Many of the top pharmaceutical and health care companies agreed. Novartis, Johnson & Johnson, Celgene, Novo Nordisk, Sanofi and Horizon Blue Cross Blue Shield of New Jersey, have donated more than $2.5 million to help kick-start the two-year program that will train students to not only work in the pharmaceutical industry but also for hospitals, insurance companies and government agencies.

“To be able to make decisions based on the best therapeutics to use in order to provide the best health outcomes and the most cost effectiveness is going to continue to be a very important area in health care,” said Molloy. “Pharmacy, nursing, public health and students studying economics and public policy should have great job prospects in this area.”

Kimberly McGuigan, the executive director of the program who joined Rutgers last year, said the new graduate program will focus on health economics, epidemiology, biostatistics and U.S. health care policy. A goal of the program is to teach students how to evaluate biomedical research and economic models to try to improve health care decisions that need to be made by patients, health care providers and payers.  

As part of the program, she said, students will have the opportunity to be mentored by a senior executive or researcher in the private health care sector – providing them with broader insight into how scientific evidence is used to evaluate innovations in health care delivery and financing.

Joseph Barone, dean of the Ernest Mario School of Pharmacy at Rutgers, said there are also potential benefits and opportunities for students in the new program from the research being done at Rutgers Institute for Health, Health Policy and Aging Research, part of Rutgers Biomedical and Health Sciences (RBHS) division. RBHS includes two medical schools, a school of nursing, school of public health, school of pharmacy, a graduate school of biomedical sciences, school of dental medicine and school of health related professions in addition to the Cancer Institute of New Jersey, the Center for Advanced Biotechnology and Medicine, and the Environmental and Occupational Health Sciences Institute.

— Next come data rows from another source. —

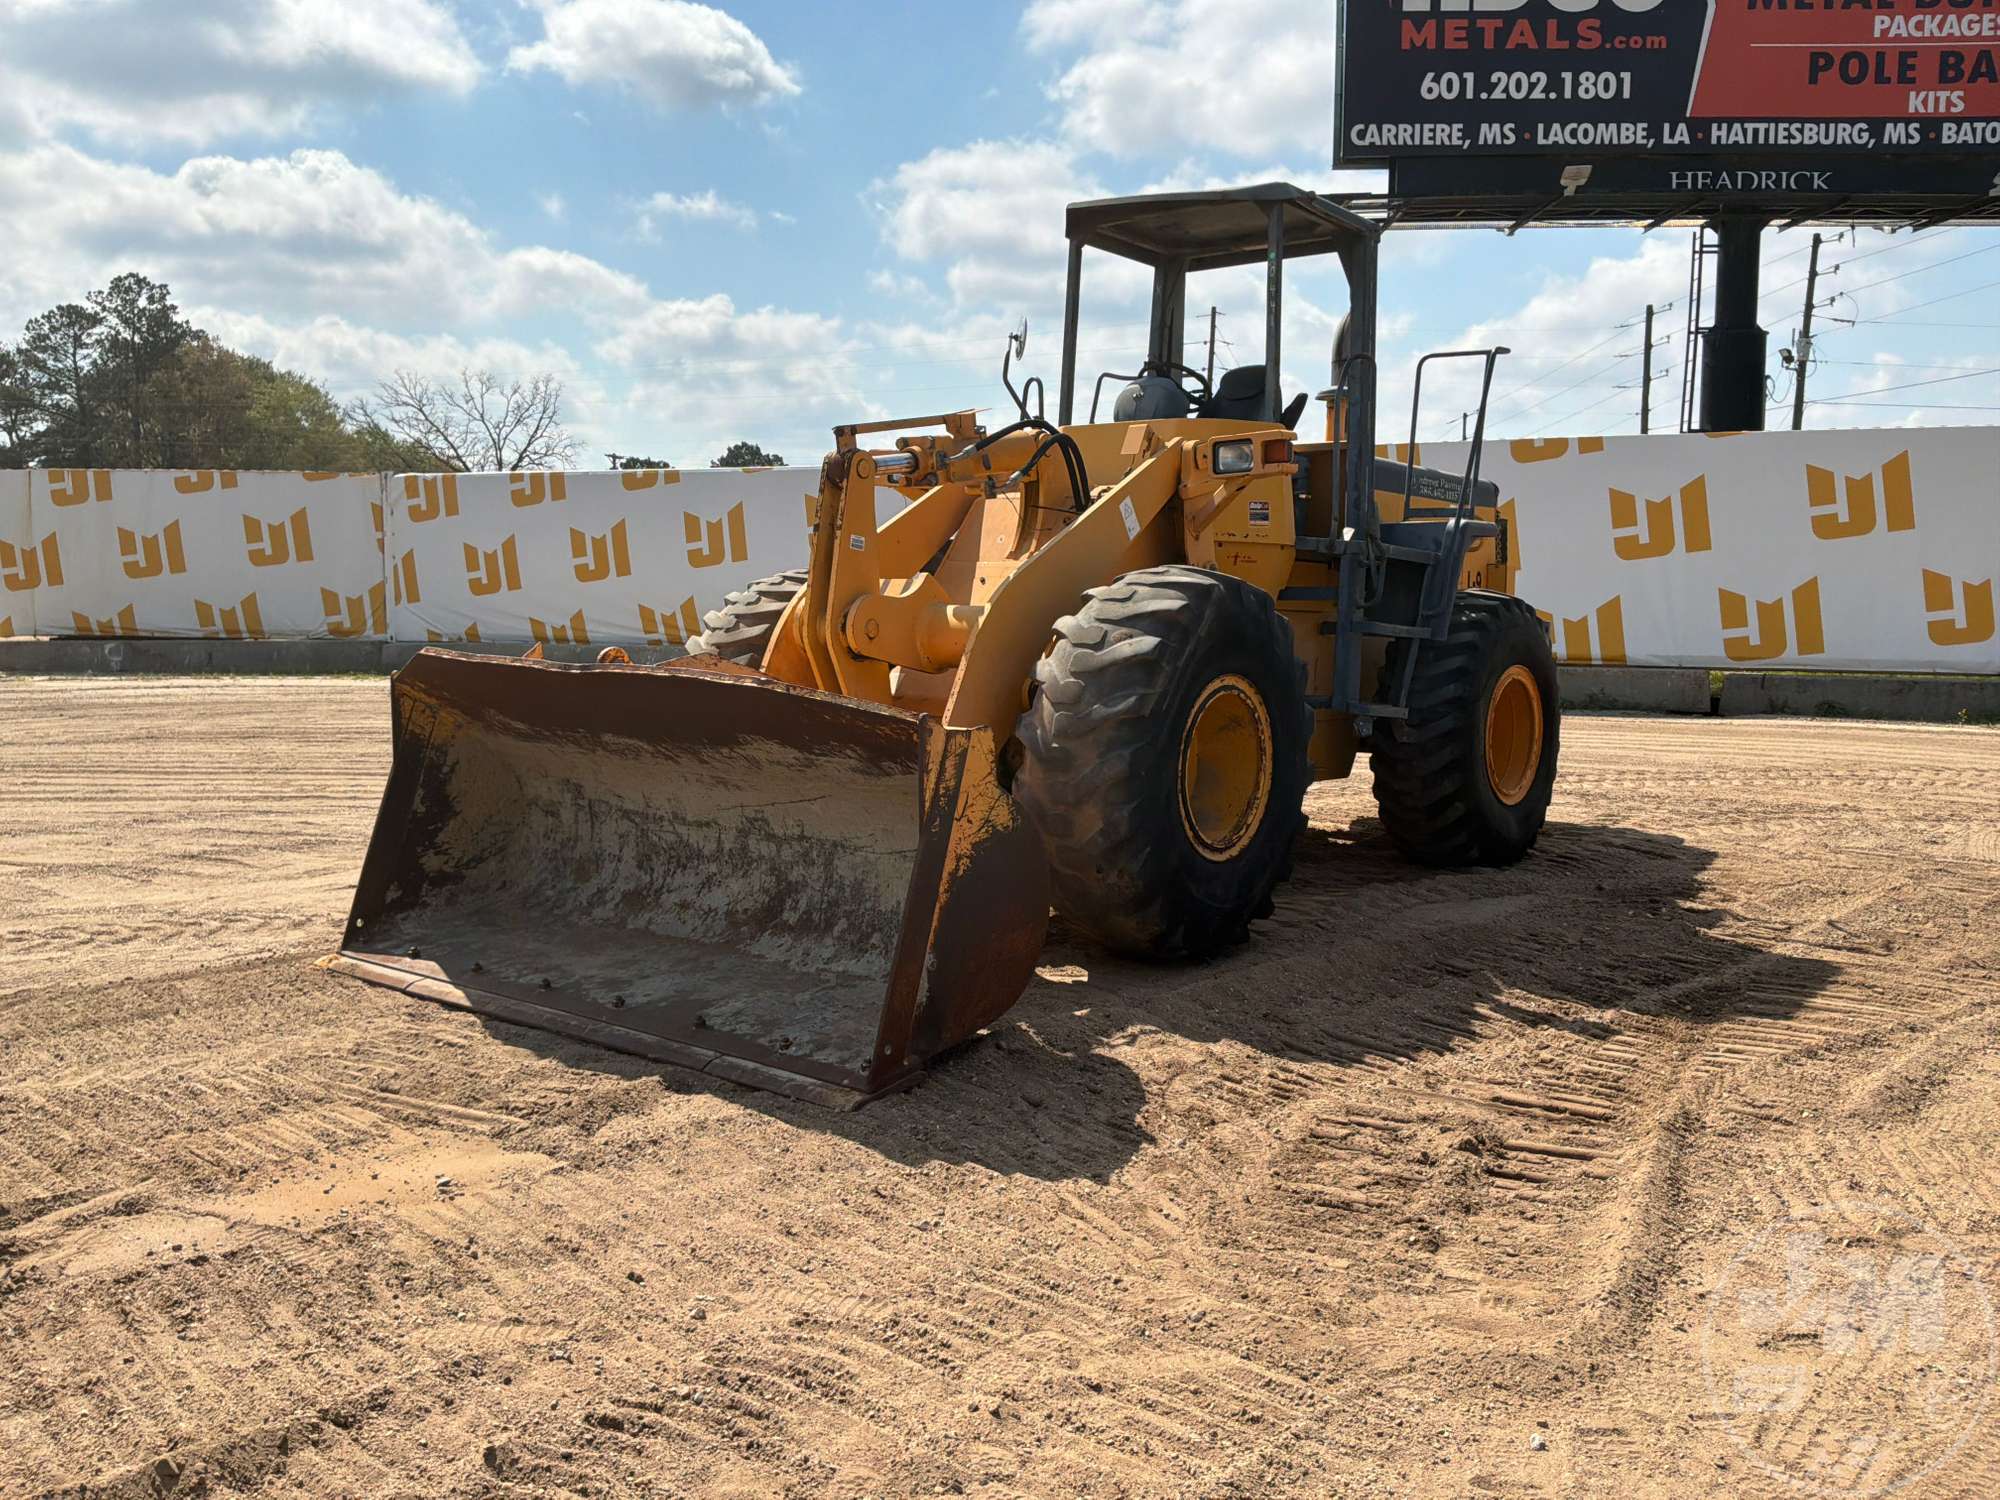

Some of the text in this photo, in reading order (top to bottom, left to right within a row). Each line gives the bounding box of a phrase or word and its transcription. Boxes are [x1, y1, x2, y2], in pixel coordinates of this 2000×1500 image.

[1873, 13, 2000, 37] PACKAGE
[1808, 50, 1918, 85] POLE
[1420, 71, 1632, 100] 601.202.1801
[1908, 90, 1965, 113] KITS
[1350, 123, 1471, 149] CARRIERE,
[1478, 124, 1516, 145] MS
[1537, 123, 1655, 148] LACOMBE,
[1663, 123, 1691, 145] LA
[1710, 122, 1876, 149] HATTIESBURG,
[1883, 122, 1921, 145] MS
[1670, 171, 1832, 190] HEADRICK

And with millions of Americans joining the ranks of the insured, Barone said he believes there will continue to be a need for health care professionals who can determine what drugs and medical treatments are economically feasible and beneficial to patients.

 “What we need to do is balance access and economics,” said Barone. “It is evident that somebody is going to have to pay for health care in the United States and this program will enable graduates to become involved in helping to shape future health care policy in this country.”